In the final section of “Song of Myself,” Whitman brings together the idea of death and the image of “grass” in the oft-cited “bootsoles” passage: “I bequeath myself to the dirt to grow from the grass I love, / If you want me again look for me under your bootsoles.”
And a few lines later:

Failing to fetch me at first keep encouraged,
Missing me one place search another,
I stop somewhere waiting for you.

Here, the speaker of the poem documents his own death in a way that is both calming and reassuring. He gives himself over to death, a gesture made concrete by the act of giving himself to the earth. We, the readers of the poem, can find the speaker all around us in the earth, and if we fail, the speaker will wait to meet us wherever and whenever we die.

The contradiction here is that the speaker is both present and absent, something that hearkens back to the young Whitman who leaves home at 12. Though his family is physically absent from his life they will remain present in other ways—an extension of what child psychologists call object permanence.

I used the last two lines of “Song of Myself” as a dedication to my two sons in my novel, Speakers of the Dead. Like Whitman, my two boys moved away from their father when they were 14 and 12. When their mother and I divorced, she took them to live thousands of miles away, and though we keep in good touch, we simply cannot have the same relationship we did when we lived in the same house. We are both present and absent in each others’ lives.

My older son plays the bassoon in the Utah Youth Symphony, but I have only been to one of his performances. My younger son plays soccer, and is apparently quite good, but I have not been to any of the matches. I see my boys a few times a year, and our trips together have become week-long adventures with clear beginnings and ends. It’s thrilling to first see them, and we laugh like hell, and then as the end draws near our interactions become clunkier as we anticipate the separation. Saying goodbye is devastating.

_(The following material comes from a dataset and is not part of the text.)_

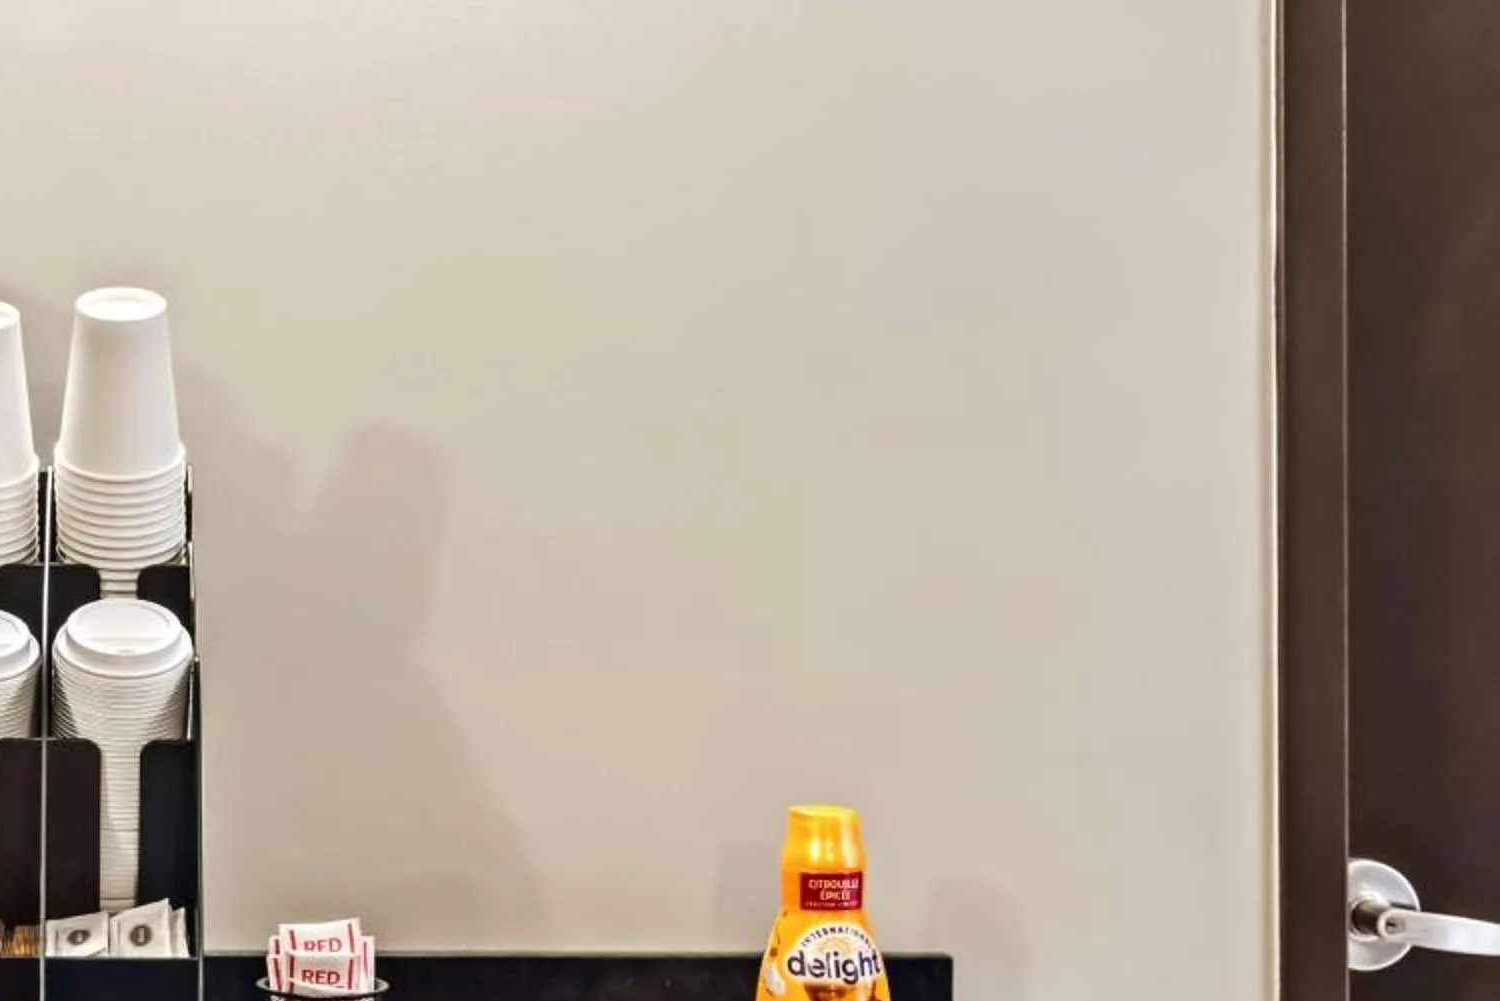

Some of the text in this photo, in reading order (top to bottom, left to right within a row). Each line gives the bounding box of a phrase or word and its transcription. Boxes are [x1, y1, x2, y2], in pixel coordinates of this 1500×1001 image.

A colleague, who is a poet, warned me that the most terrible part of losing your children in divorce is that they will never feel at home with you again. He was right. I think that’s what Whitman wants us to understand about death: that life continues without us. Or rather life continues with us, but not as we always wish. We are part of a grand series of comings and goings. Nothing collapses, but things sure do change.

~

Life has continued, for sure. Readers of this blog know what happened in between 2016 and 2020. The last line of the novel dedication is “I stop somewhere waiting for you.” I wrote it thinking that I would be waiting for my sons to come back to me in a way that would somehow reconstitute our relationship pre-divorce.

What I didn’t anticipate is that my sons were waiting for me too. And when I wasn’t able to reach out the way I wanted through my trauma recovery, they reached out to me. One insidious effect of trauma is the idea that relationships are one-way only. If I don’t feed the relationship, if I don’t give the other person something they want, then the other person will not want to be in the relationship with me.

I have felt that way as a father. Gareth and Eliot helped me understand the power of our relationship when I needed it the most, and I will always be grateful.

We haven’t seen each other since last summer, and since we’re in the middle of the pandemic, we don’t know when we’ll be able to see each other in the near future. Given all that, I feel my relationship with them is growing. I love talking to them on the phone, and I find myself in awe of them and their lives. They are thoughtful, intellectually curious, and terrific human beings.

And they’re my sons.

So Happy 21st Birthday, Gareth. And Happy 19th Birthday (in March), Eliot. I love you.